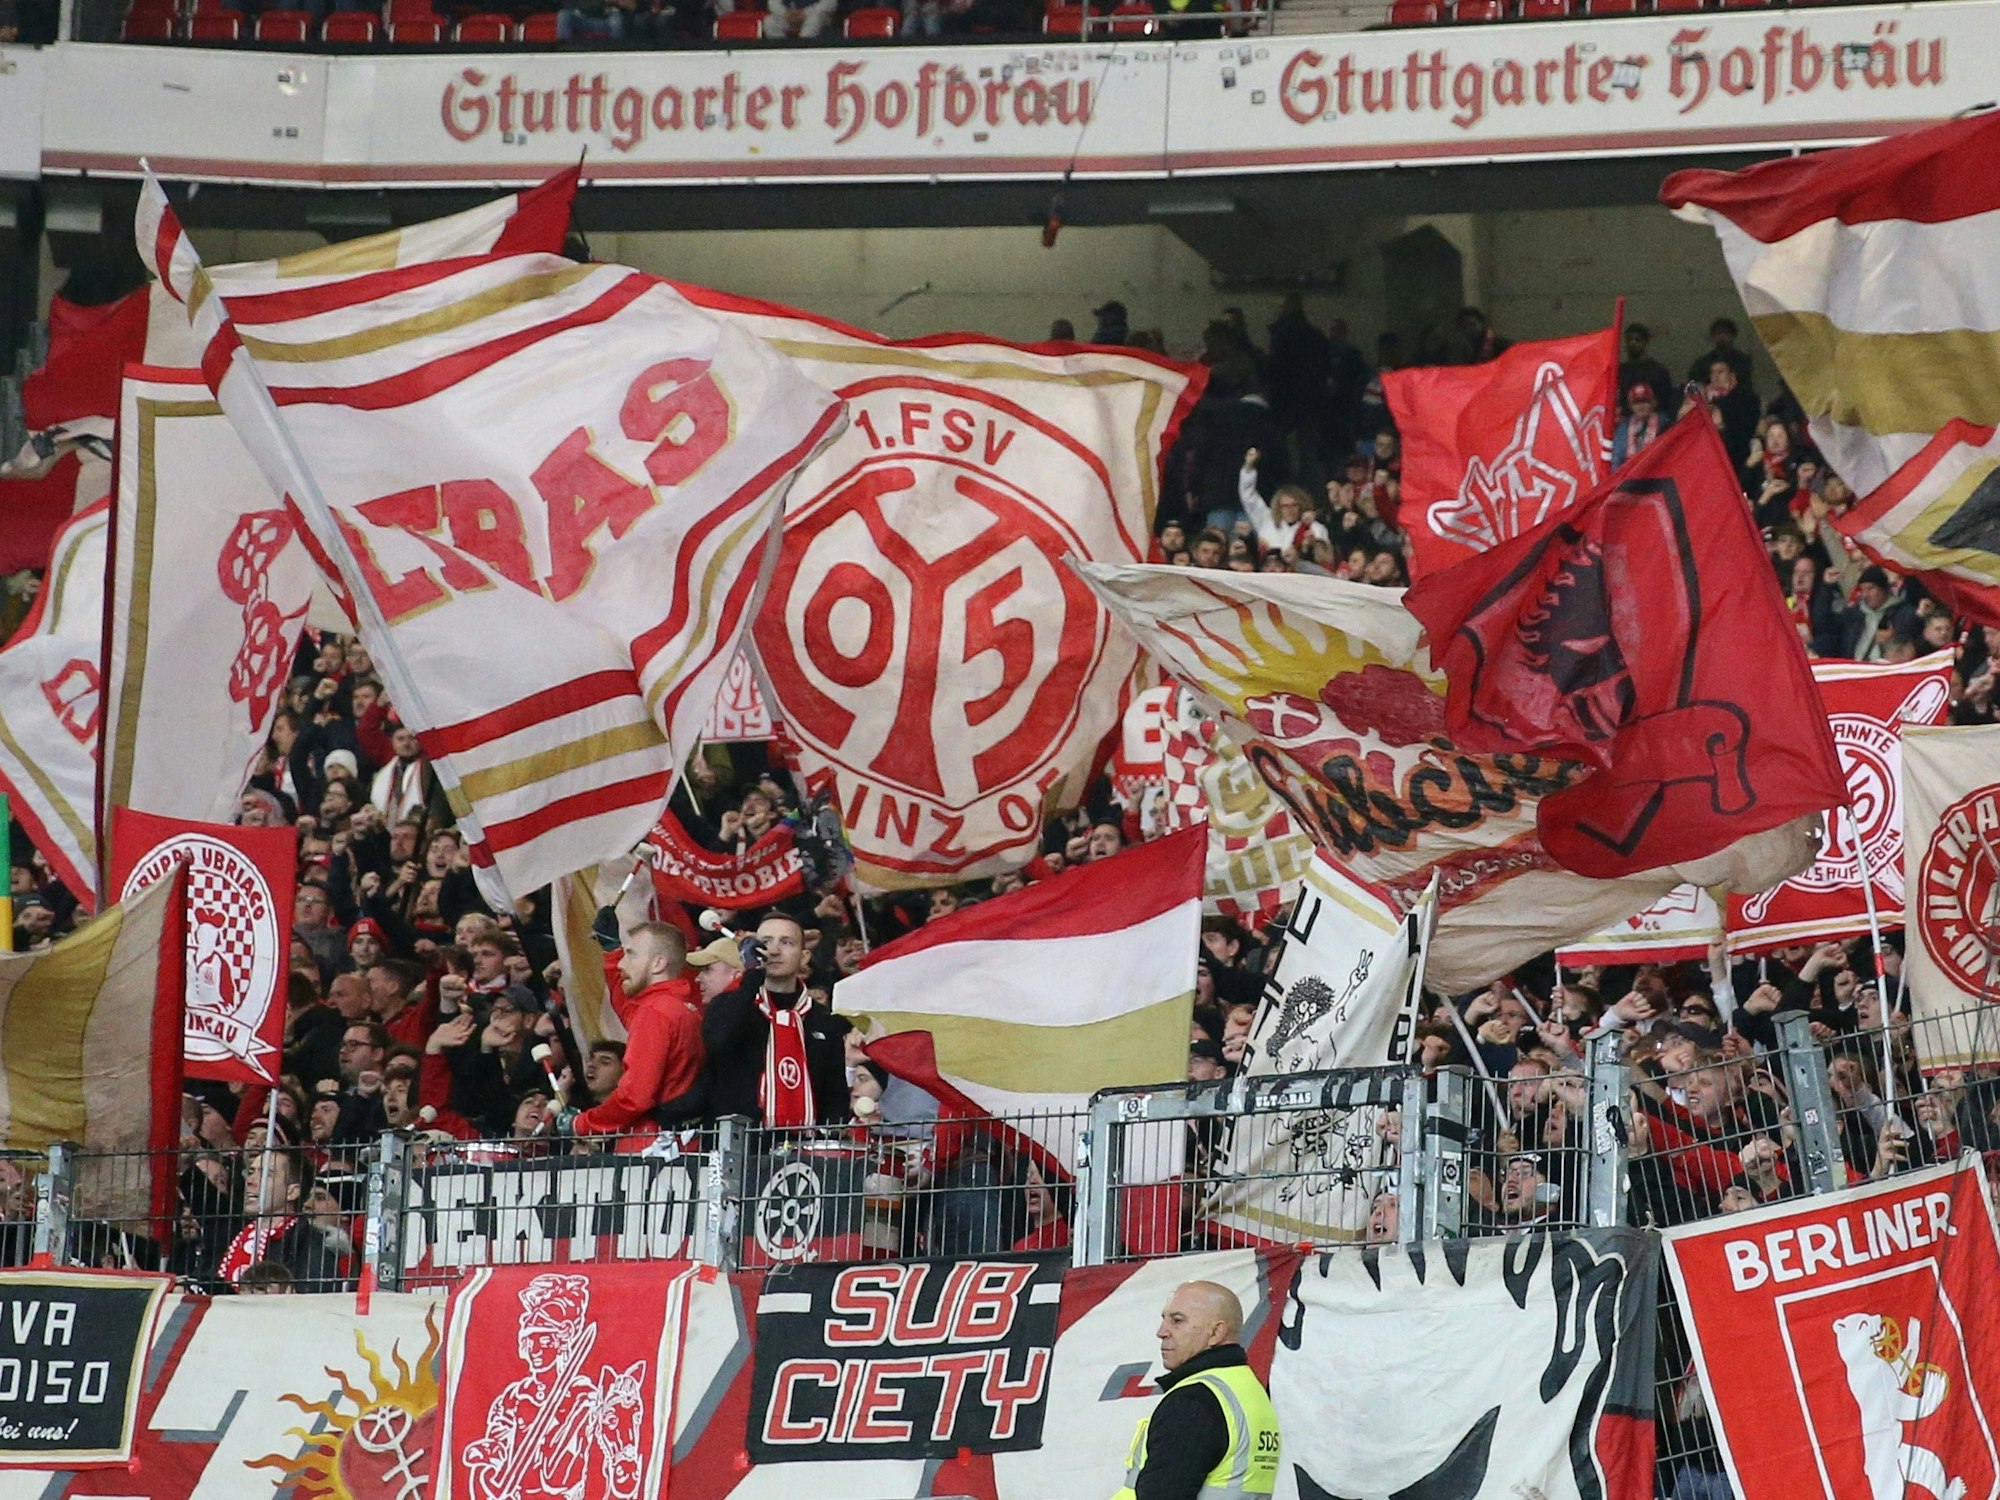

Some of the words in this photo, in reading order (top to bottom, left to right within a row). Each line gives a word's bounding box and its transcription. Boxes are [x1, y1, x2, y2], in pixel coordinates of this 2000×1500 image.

[441, 67, 820, 151] Stuttgarter
[1279, 43, 1649, 129] Stuttgarter
[1669, 22, 1946, 113] Hofbräu
[1834, 724, 1894, 753] ANNTE
[806, 765, 966, 858] AINZ
[202, 847, 265, 920] UBRIACO
[1724, 1191, 1958, 1292] BERLINER
[824, 1261, 1039, 1347] SUB
[27, 1418, 79, 1441] uns!
[762, 1347, 1051, 1444] CIETY
[1258, 1430, 1279, 1451] SDS

■ ■ ■ ■

WHAT YOU WILL DO >>
Write the entries out in full and exactly, omitting every picture.

TASK SOLUTION >>
Some of the words in this photo, in reading order (top to bottom, left to right within a row). Each line gives a word's bounding box and its transcription. Boxes are [x1, y1, x2, y2], in pixel coordinates of this 2000×1500 image.

[441, 67, 820, 151] Stuttgarter
[1279, 43, 1649, 129] Stuttgarter
[1669, 22, 1946, 113] Hofbräu
[1834, 724, 1894, 753] ANNTE
[806, 765, 966, 858] AINZ
[202, 847, 265, 920] UBRIACO
[1724, 1191, 1958, 1292] BERLINER
[824, 1261, 1039, 1347] SUB
[27, 1418, 79, 1441] uns!
[762, 1347, 1051, 1444] CIETY
[1258, 1430, 1279, 1451] SDS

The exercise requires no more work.